The following is a list of hormonal disorders which can disrupt male infertility:
Hyperprolactinemia:
Elevated prolactin--a hormone associated with nursing mothers, is found in 10 to 40 percent of infertile males. Mild elevation of prolactin levels produces no symptoms, but greater elevations of the hormone reduces sperm production, reduces libido and may cause impotence. This condition responds well to the drug Parlodel (bromocriptine).
Hypothyroidism:
Low thyroid hormone levels--can cause poor semen quality, poor testicular function and may disturb libido. May be caused by a diet high in iodine. Reducing iodine intake or beginning thyroid hormone replacement therapy can elevate sperm count. This condition is found in only 1 percent of infertile men.
Congenital Adrenal Hyperplasia:
Occurs when the pituitary is suppressed by increased levels of adrenal androgens. Symptoms include low sperm count, an increased number of immature sperm cells, and low sperm cell motility. Is treated with cortisone replacement therapy. This condition is found in only 1 percent of infertile men.

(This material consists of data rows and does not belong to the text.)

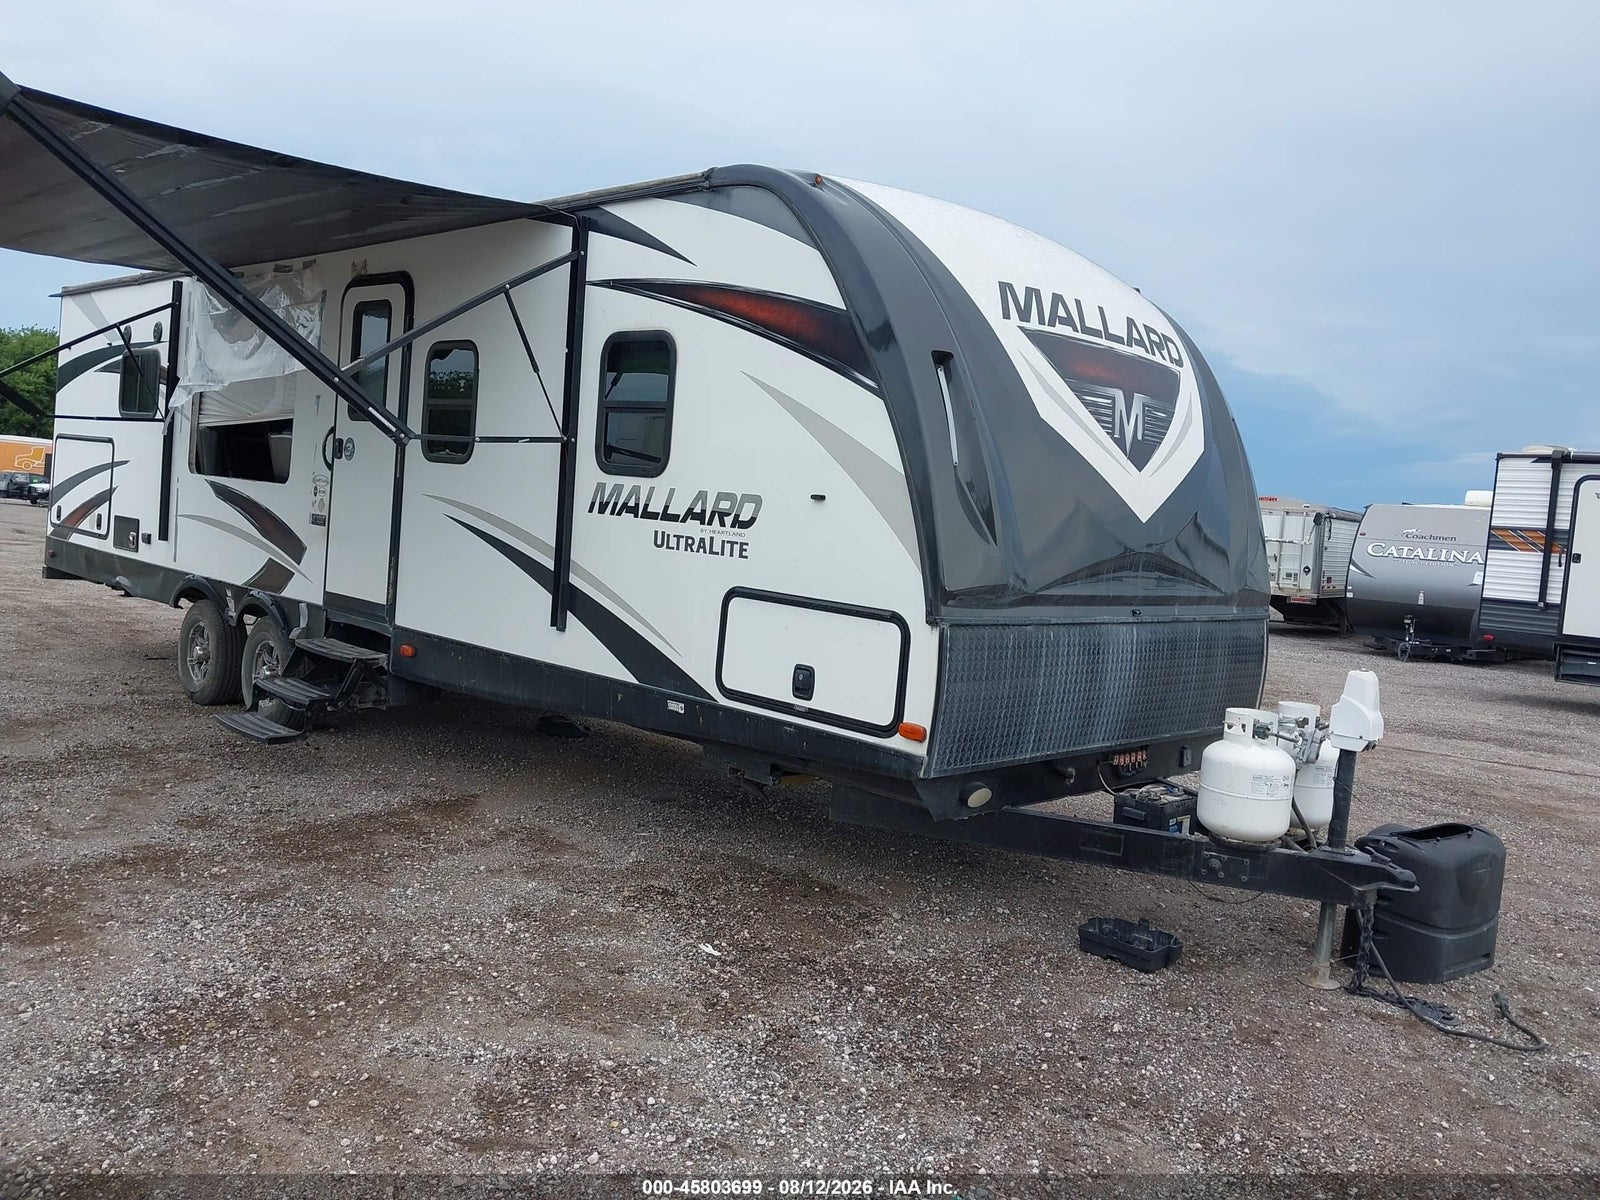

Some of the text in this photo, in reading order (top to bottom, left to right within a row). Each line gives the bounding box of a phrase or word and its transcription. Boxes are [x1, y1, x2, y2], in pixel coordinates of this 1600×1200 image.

[998, 281, 1185, 368] MALLARD
[587, 481, 763, 530] MALLARD
[709, 529, 746, 538] HEARTLAND
[1405, 532, 1457, 542] Coachmen
[1366, 542, 1485, 564] CATALINA

Hypogonadotropic Hypopituitarism:
Low pituitary gland output of LH and FSH. This condition arrests sperm development and causes the progressive loss of germ cells from the testes and causes the seminiferous tubules and Leydig (testosterone producing) cells to deteriorate. May be treated with the drug Serophene. However, if all germ cells are destroyed before treatment commences, the male may be permanently infertile.
Panhypopituitafism:
Complete pituitary gland failure--lowers growth hormone, thyroid-stimulating hormone, and LH and FSH levels. Symptoms include: lethargy, impotence, decreased libido, loss of secondary sex characteristics, and normal or undersized testicles. Supplementing the missing pituitary hormones may restore vigor and a hormone called hCG may stimulate testosterone and sperm production.